Annotated photo localization data:
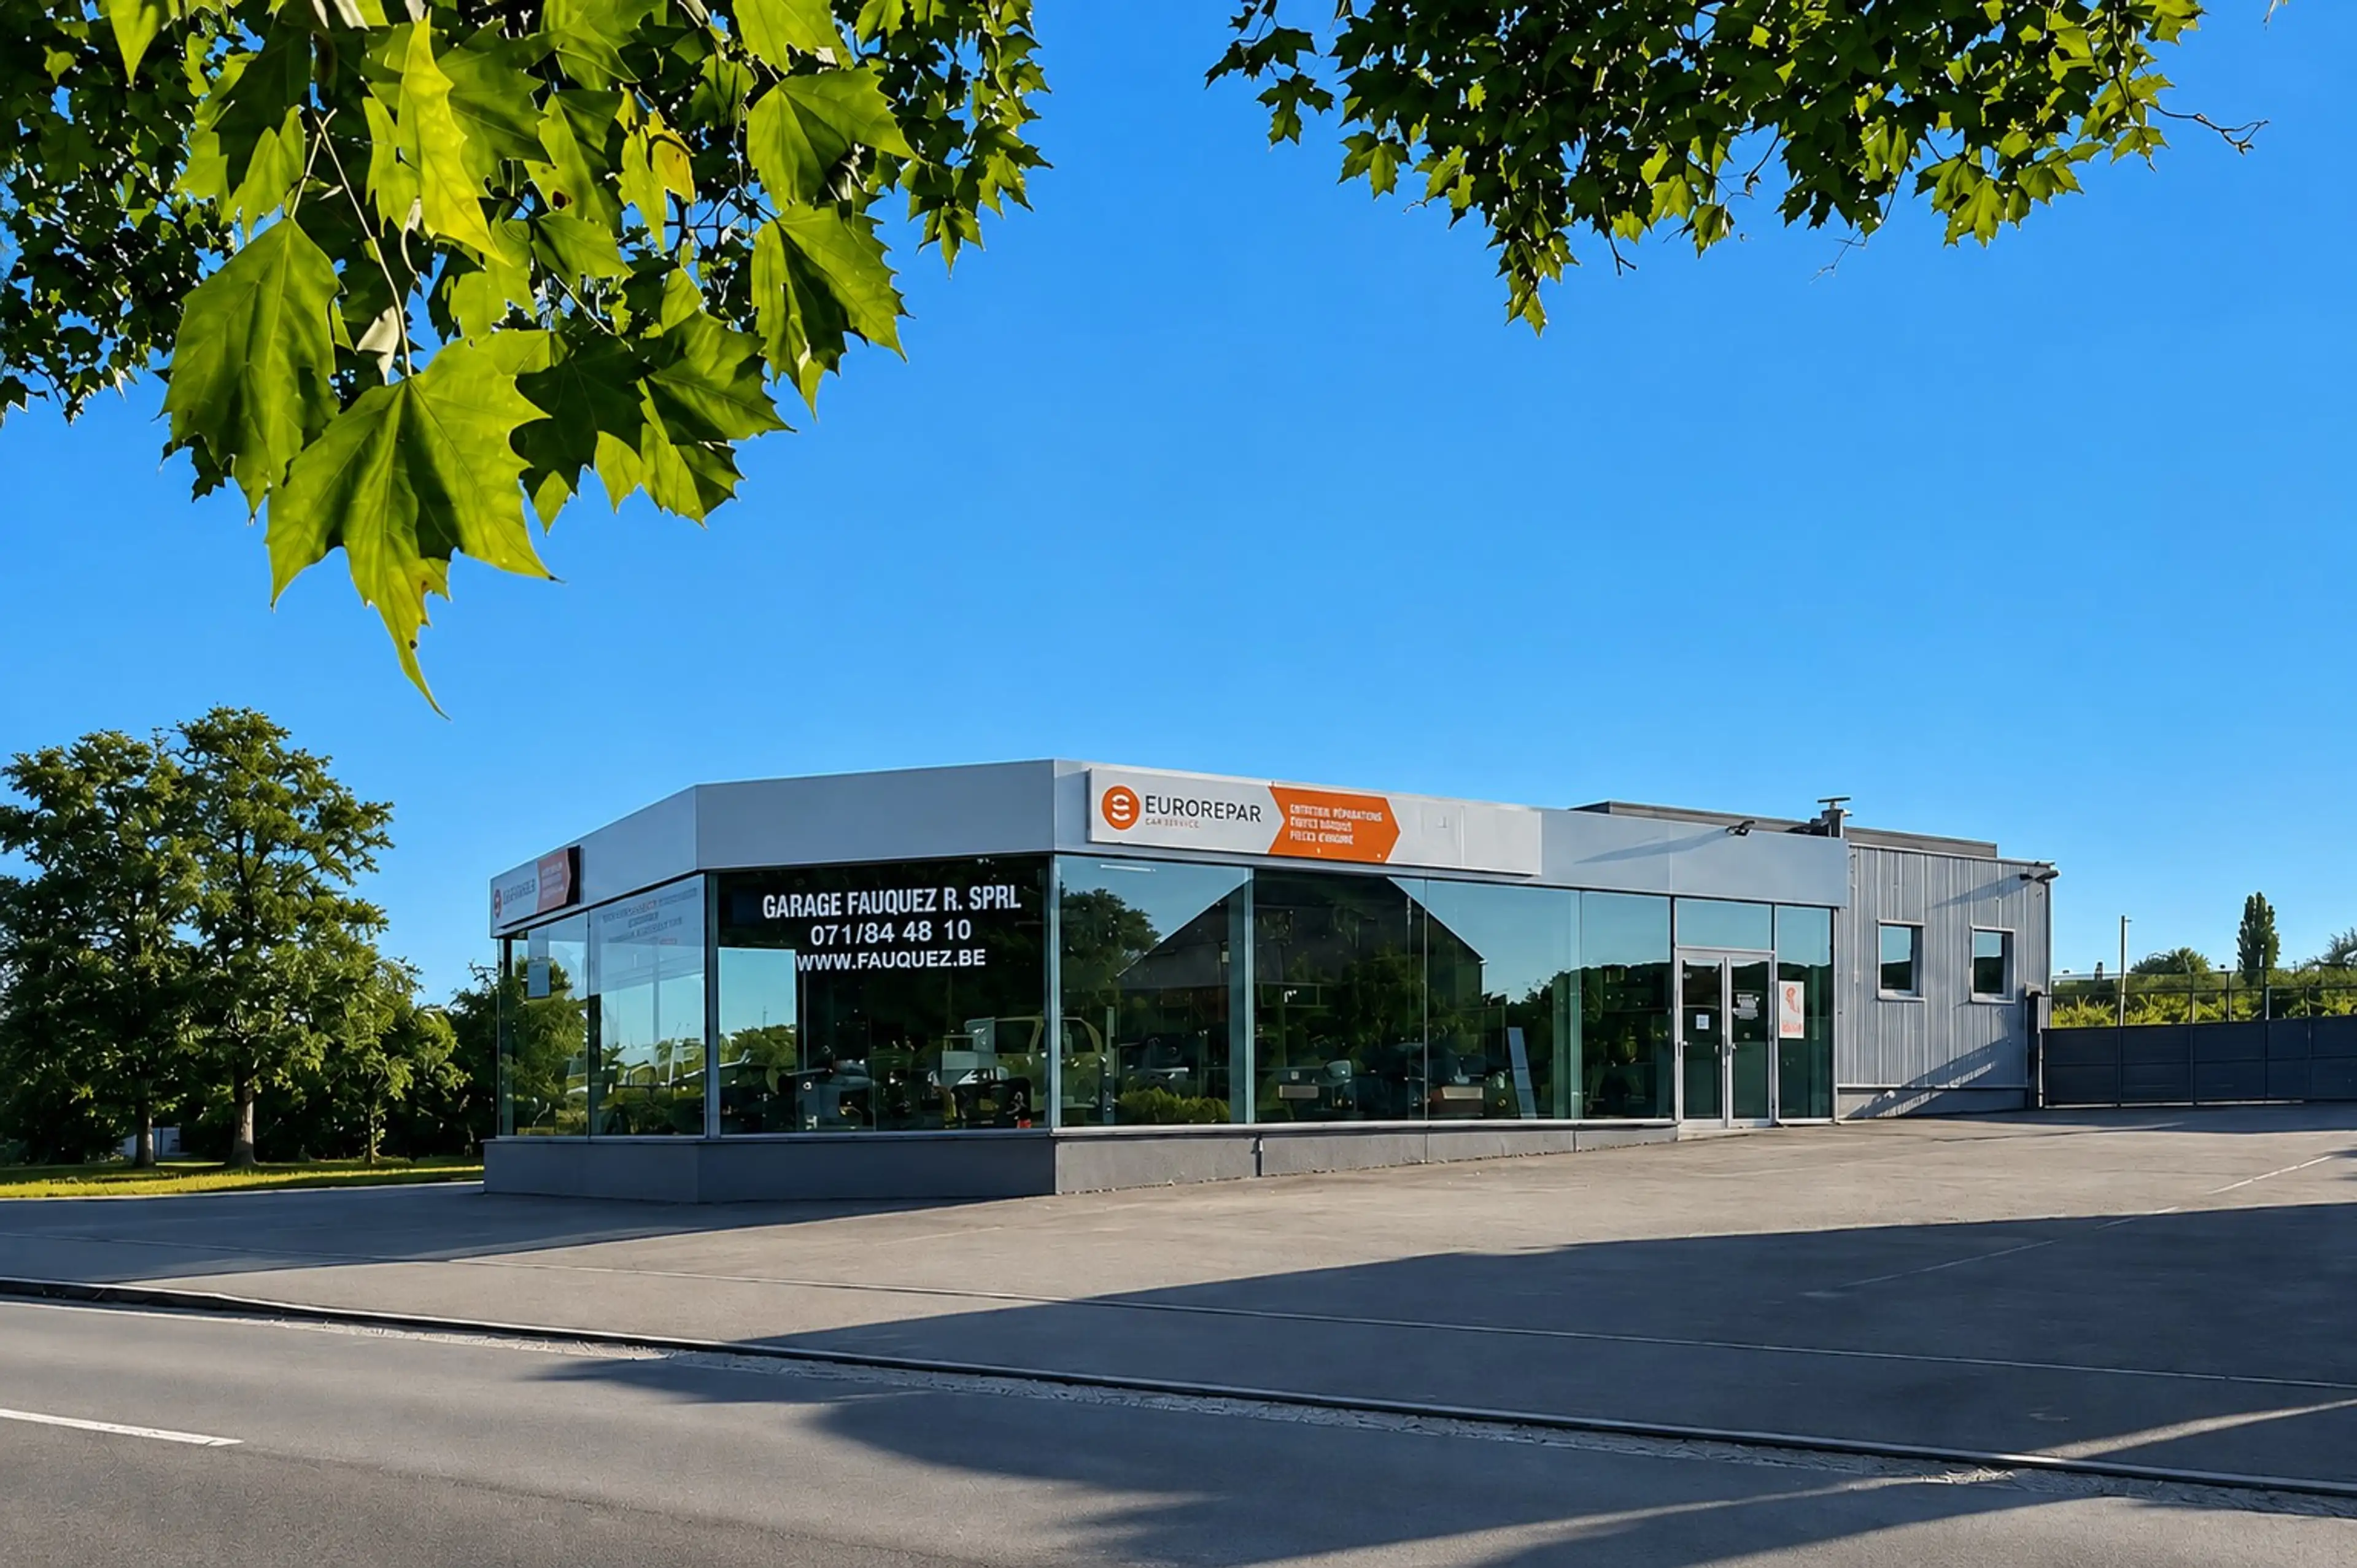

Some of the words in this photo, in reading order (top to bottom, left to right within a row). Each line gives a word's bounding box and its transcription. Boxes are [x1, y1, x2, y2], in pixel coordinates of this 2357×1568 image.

[1145, 795, 1262, 822] EUROREPAR
[762, 892, 842, 919] GARAGE
[848, 888, 937, 916] FAUQUEZ
[944, 887, 963, 911] R.
[969, 884, 1021, 910] SPRL
[811, 922, 895, 946] 071/84
[902, 920, 932, 942] 48
[944, 919, 971, 940] 10
[796, 948, 986, 971] WWW.FAUQUEZ.BE

Work request:
What you give back should match the entries above exactly, except that pictures are dropped.

Solved exercise:
Some of the words in this photo, in reading order (top to bottom, left to right within a row). Each line gives a word's bounding box and its transcription. Boxes are [x1, y1, x2, y2], in pixel coordinates of this 2357×1568 image.

[1145, 795, 1262, 822] EUROREPAR
[762, 892, 842, 919] GARAGE
[848, 888, 937, 916] FAUQUEZ
[944, 887, 963, 911] R.
[969, 884, 1021, 910] SPRL
[811, 922, 895, 946] 071/84
[902, 920, 932, 942] 48
[944, 919, 971, 940] 10
[796, 948, 986, 971] WWW.FAUQUEZ.BE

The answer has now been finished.